Just take couple of bias frames and look for smallest pixel values across the image - no pixel should have as low value as 4ADU. Ideally you want your lowest values to be >40-50ADU. If you have some sort of stats tool - just look at min in each bias file, and if each of them has min pixel value larger than said ~50 then your offset is good. If not - look to increase it.

ASI178 is 14bit camera, and going lower gain just increases full well capacity, but actually raises read noise slightly.

Since you have version without active cooling, my guess is that you are using shorter exposures - in this case you don't really need all that full well capacity, so increase gain. Go for gain 51 or 111. Offset will depend on it, so adjust your offset once you determine which gain value will you work with. Gain 0 has read noise of 2.2e, 51 will have about 1.9e while 111 will have ~1.7e. With gain 51 you will have 13bit FW, and gain 111 about 12bit (or same as most other CMOS cameras at unity gain).
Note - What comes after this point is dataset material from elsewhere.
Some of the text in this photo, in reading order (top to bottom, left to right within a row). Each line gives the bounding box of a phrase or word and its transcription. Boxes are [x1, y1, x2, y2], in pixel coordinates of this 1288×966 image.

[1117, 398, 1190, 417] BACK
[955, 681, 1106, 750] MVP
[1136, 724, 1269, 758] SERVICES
That will not give you significant boost, since read noise is already small, and thermal noise and LP noise are probably dominating.
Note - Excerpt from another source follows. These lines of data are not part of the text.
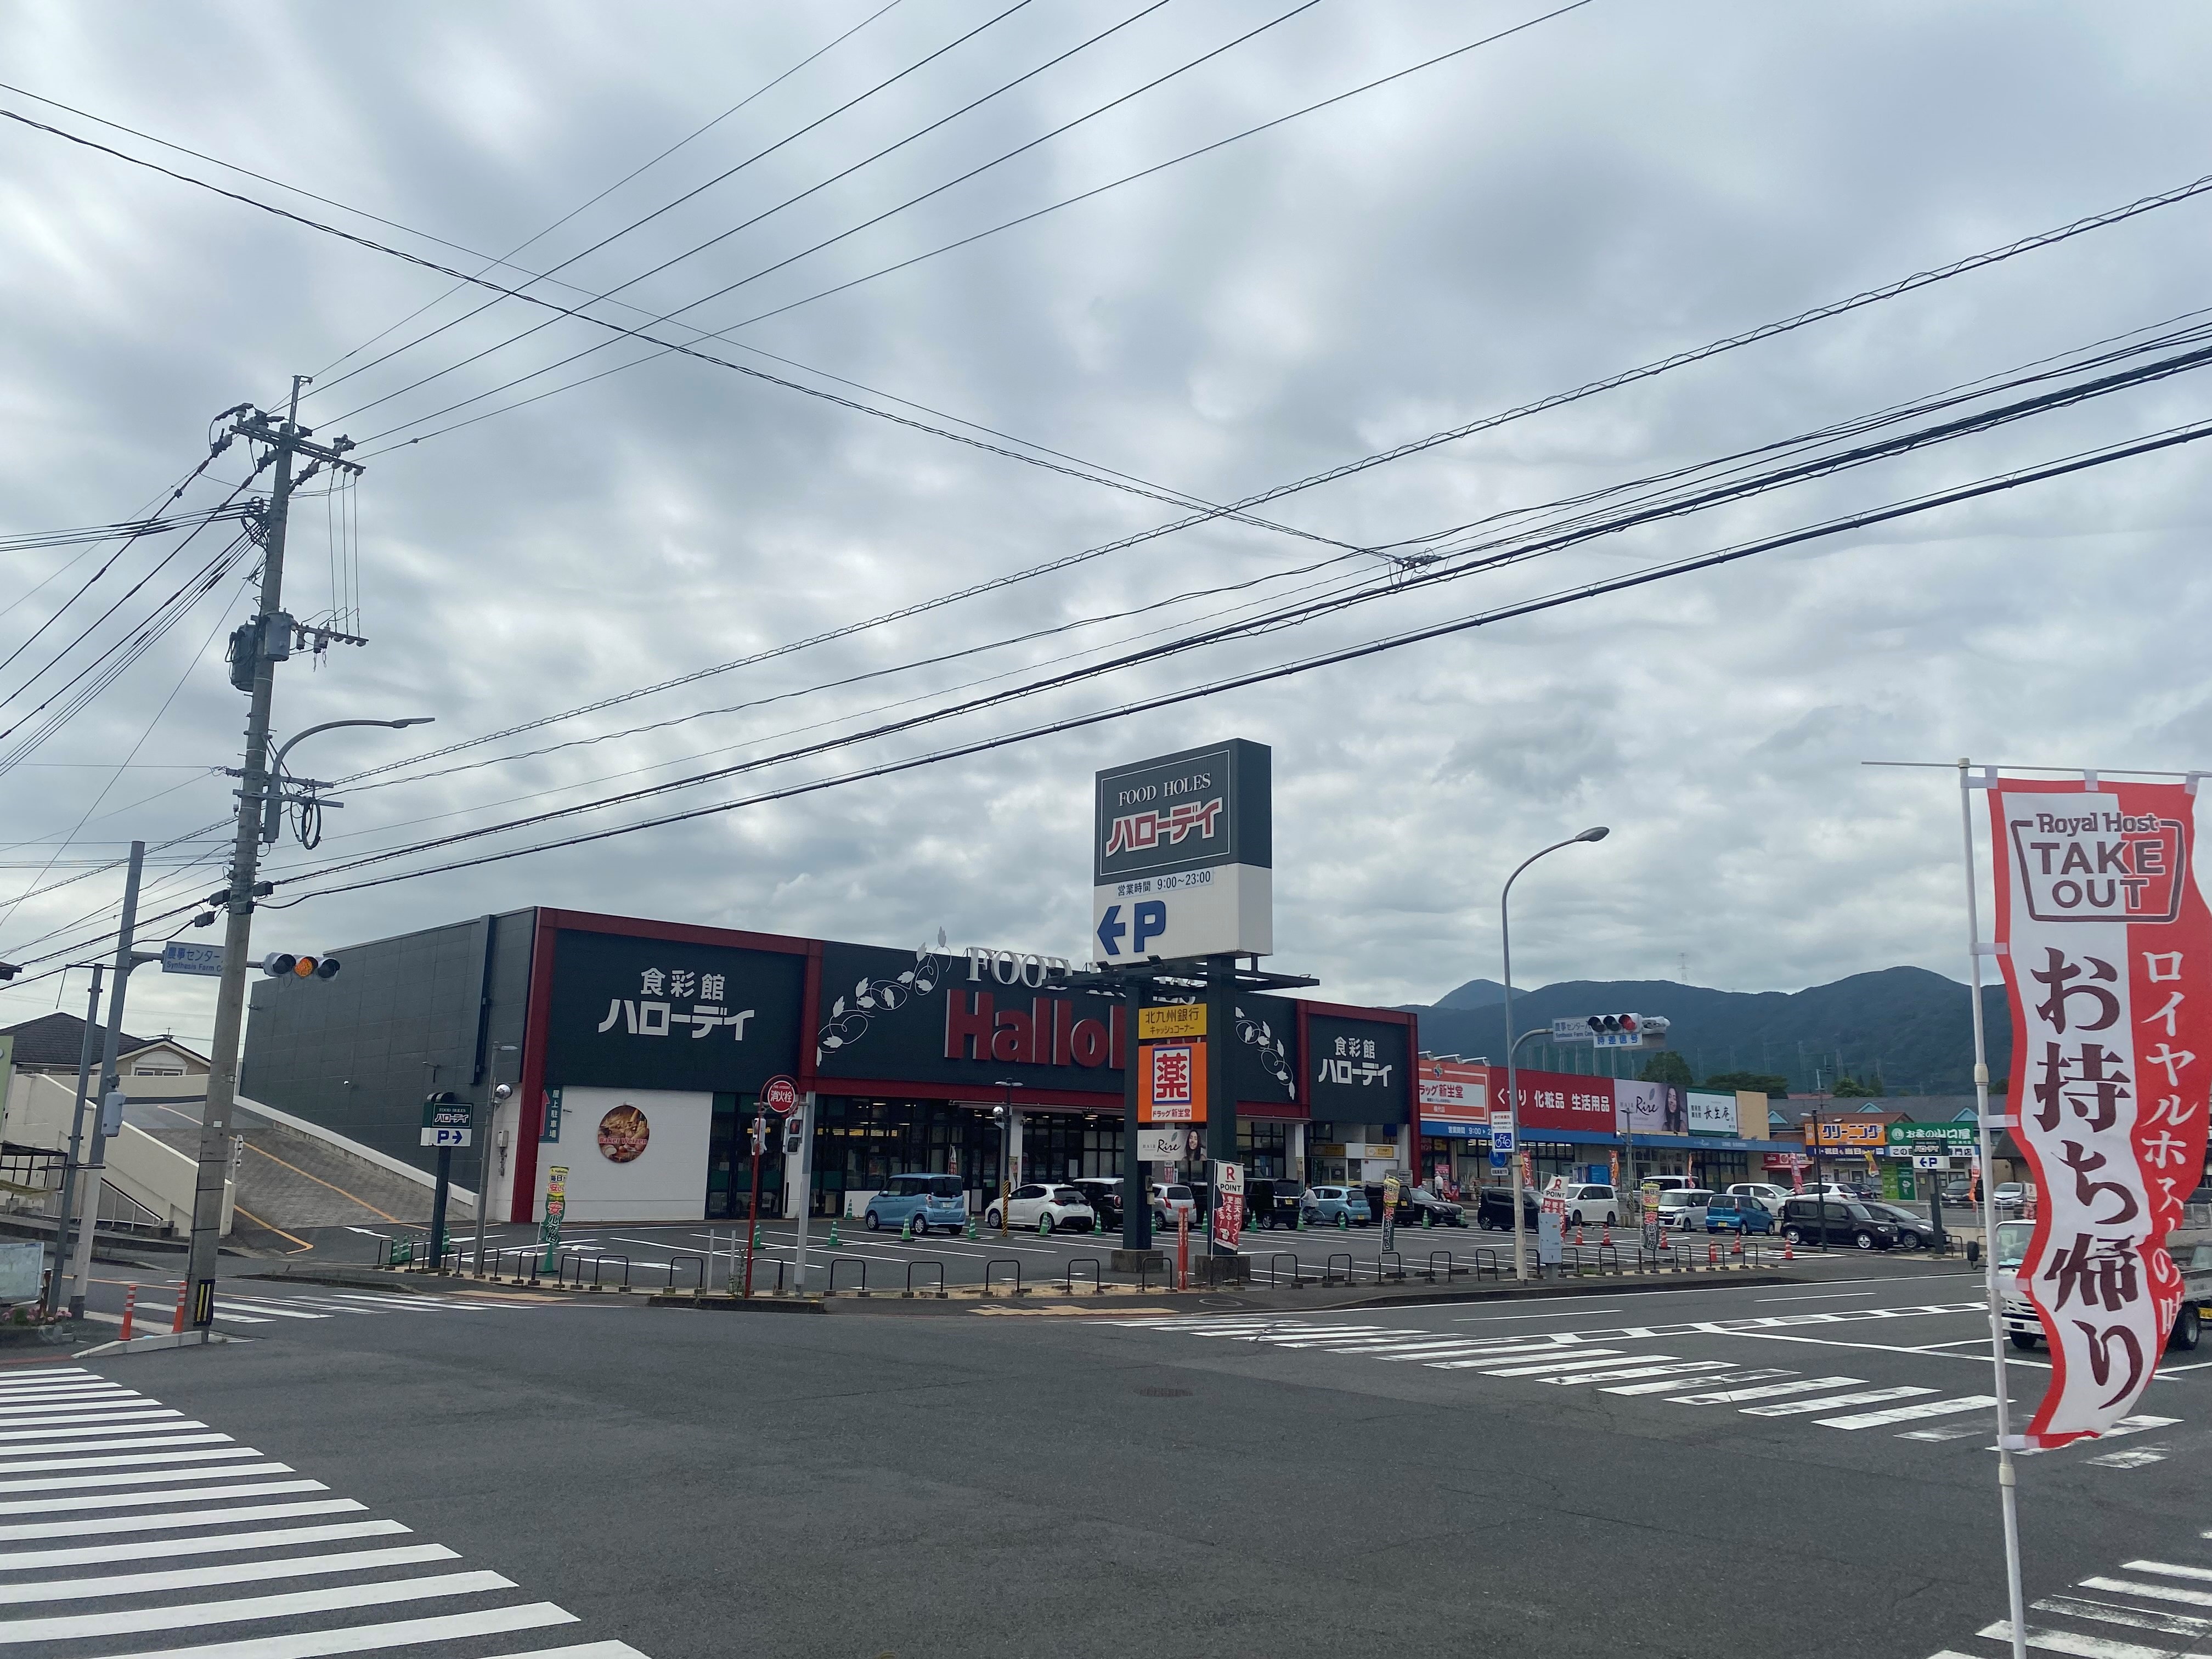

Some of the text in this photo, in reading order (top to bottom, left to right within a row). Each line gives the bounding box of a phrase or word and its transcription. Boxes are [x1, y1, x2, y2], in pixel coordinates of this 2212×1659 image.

[1118, 772, 1212, 807] FOOD HOLES
[2036, 811, 2160, 837] Royal Host
[2030, 840, 2165, 875] TAKE
[1118, 881, 1151, 897] 営業時間
[2052, 879, 2148, 909] OUT
[1133, 900, 1166, 952] P
[167, 947, 223, 962] 農事センター
[167, 961, 196, 970] Synthesis
[640, 967, 725, 1001] 食彩館
[1145, 1007, 1199, 1024] 北九州銀行
[1150, 1024, 1194, 1035] キャッシュコーナー
[1597, 1034, 1639, 1045] 時差信号
[1334, 1036, 1375, 1059] 食彩館
[1156, 1052, 1187, 1098] 薬
[770, 1090, 793, 1103] 消火栓
[1439, 1084, 1464, 1098] 新生堂
[1498, 1088, 1610, 1113] くり 化粧品 生活用品
[437, 1130, 449, 1144] P
[1822, 1125, 1883, 1139] クリーニング
[621, 1137, 647, 1145] Weizen
[1156, 1139, 1181, 1153] Rire
[1929, 1158, 1937, 1167] P
[2030, 947, 2143, 1410] お持ち帰り
[1220, 1183, 1242, 1192] POINT
Dithering can only help, so if you manage to get the hang of it - go for it.

Also good thing to do is to use a lot of calibration frames. And I mean a lot. So at least 60+ of each if you can manage, and I would not say that even over 100 is too much (I tend to use 256 of each, and only 64 of darks for 4 minute and over per single sub - but this is because I have set point cooling and build dark lib, you probably shoot darks each session, so you will need to balance with number of subs).

You will probably need lot's of total exposure, so try to get as much as you can - do single night session (you can get good 4h per night or even more), and process that. Then do another night on same target and add data to stack to see how much improvement there is. Of course, all regular guidelines apply - adjust your expectations based on conditions - transparency, moon phase, ... aim for target high in altitude (I usually set midpoint in time for session and look for targets that are close to meridian or crossing it around midpoint, so I shoot before meridian and after - same amount of time - that way I get target when it's highest in alt).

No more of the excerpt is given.